[Army Life in a Black Regiment by Thomas Wentworth Higginson]@TWC D-Link bookArmy Life in a Black Regiment CHAPTER 5 4/31
They are not required to keep step, though, with the rhythmical ear of our soldiers, they almost always instinctively did so; talking and singing are allowed, and of this privilege, at least, they eagerly availed themselves.
On this day they were at the top of exhilaration. There was one broad grin from one end of the column to the other; it might soon have been a caravan of elephants instead of camels, for the ivory and the blackness; the chatter and the laughter almost drowned the tramp of feet and the clatter of equipments.
At cross-roads and plantation gates the colored people thronged to see us pass; every one found a friend and a greeting.
"How you do, aunty ?" "Huddy (how d'ye), Budder Benjamin ?" "How you find yourself dis mor-nin', Tittawisa (Sister Louisa) ?" Such saluations rang out to everybody, known or unknown.
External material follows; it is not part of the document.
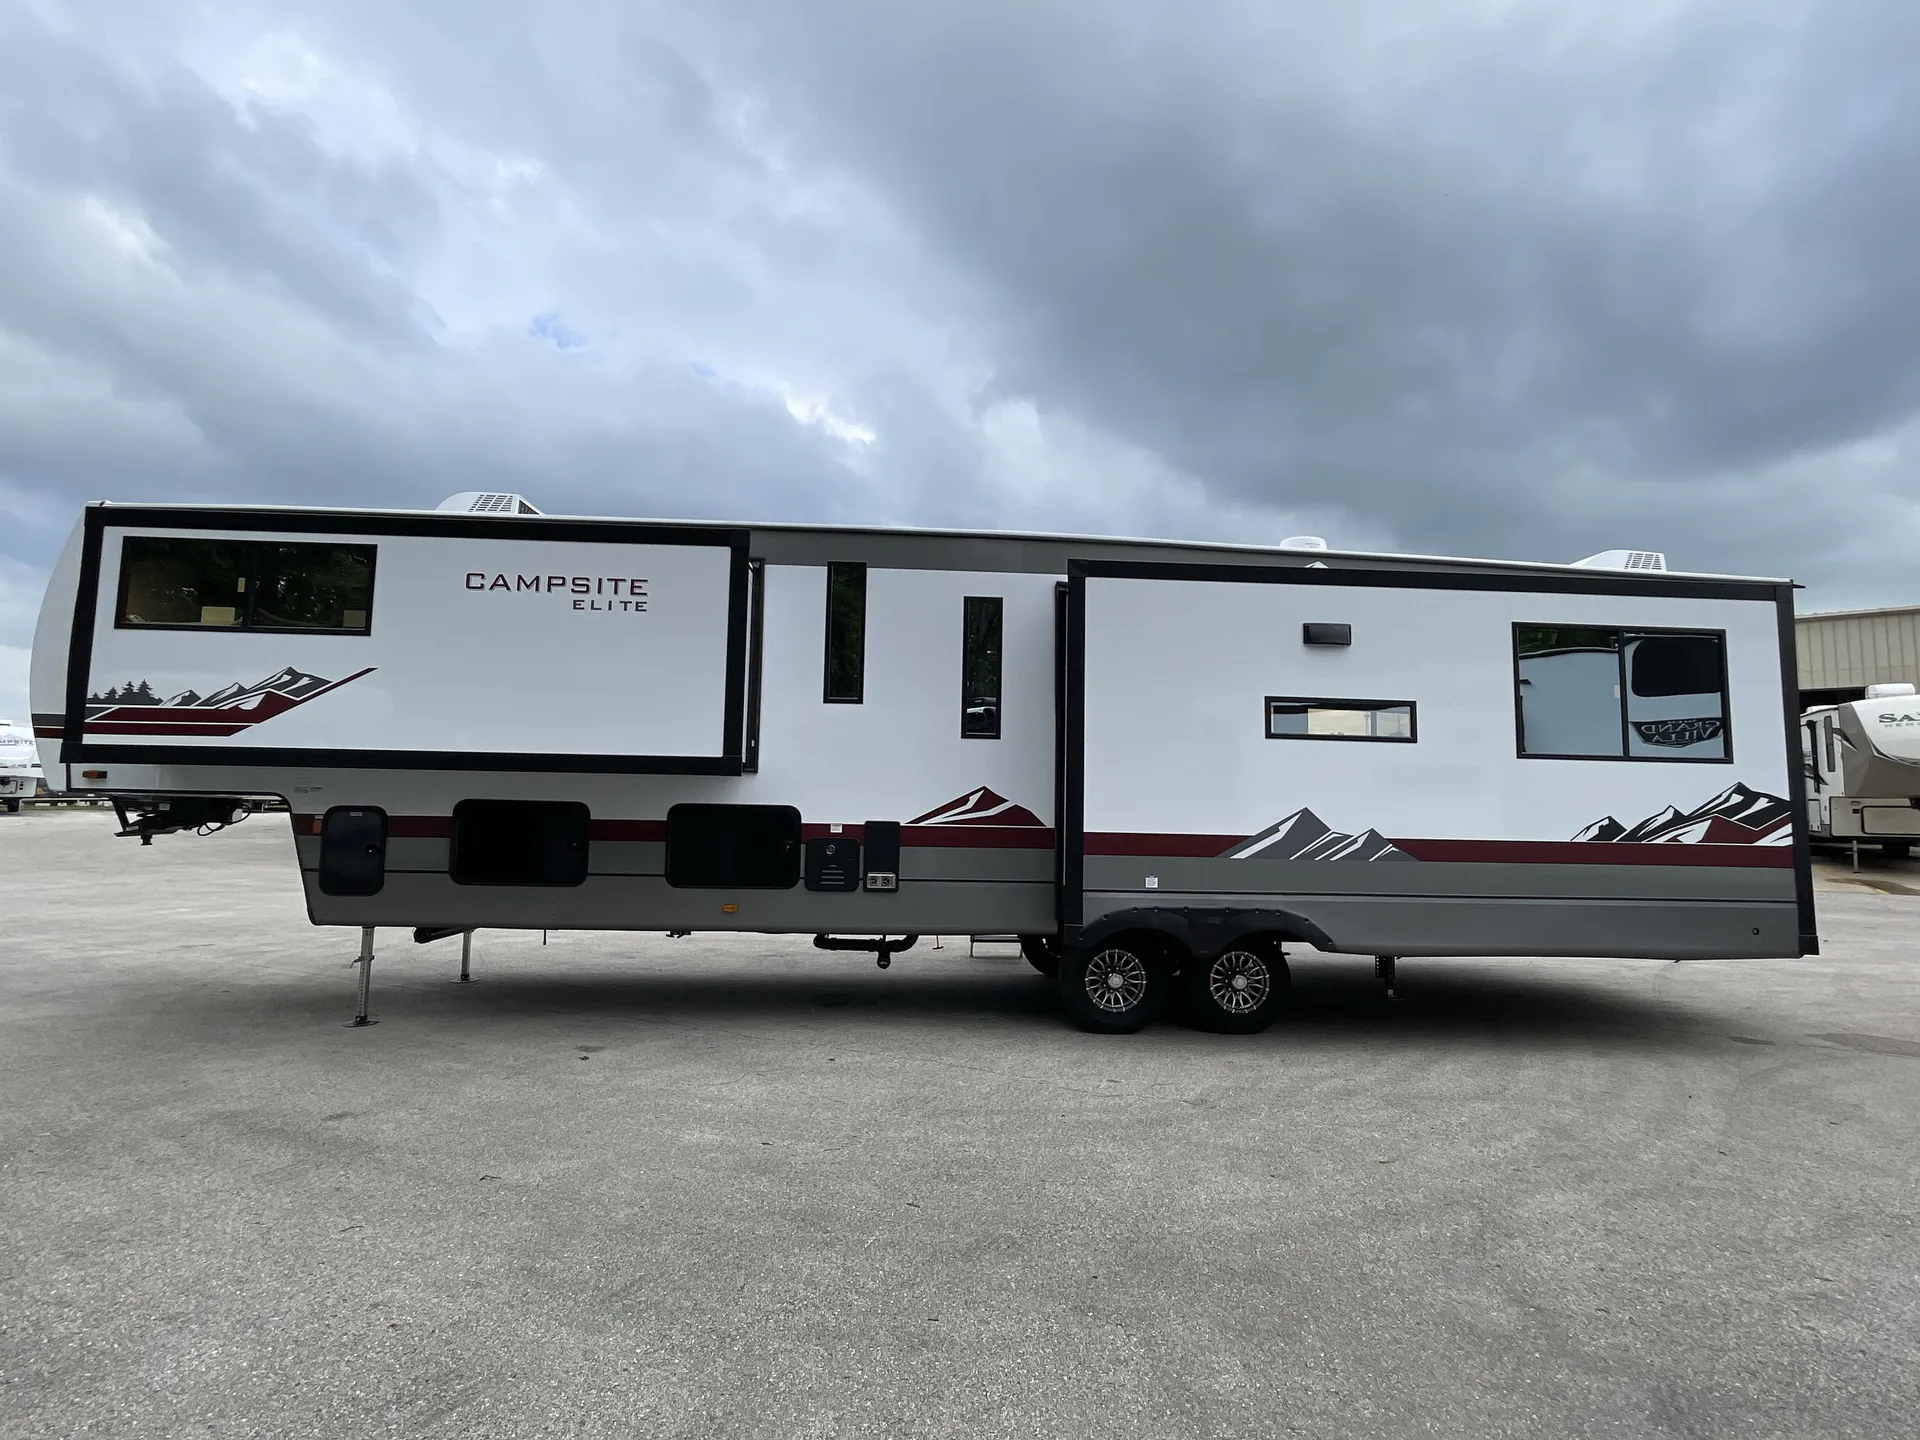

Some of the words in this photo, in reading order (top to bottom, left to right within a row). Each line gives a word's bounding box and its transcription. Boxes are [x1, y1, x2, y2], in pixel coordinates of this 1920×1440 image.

In return, venerable, kerchiefed matrons courtesied laboriously to every one, with an unfailing "Bress de Lord, budder." Grave little boys, blacker than ink, shook hands with our laughing and utterly unmanageable drummers, who greeted them with this sure word of prophecy, "Dem's de drummers for de nex' war!" Pretty mulatto girls ogled and coquetted, and made eyes, as Thackeray would say, at half the young fellows in the battalion.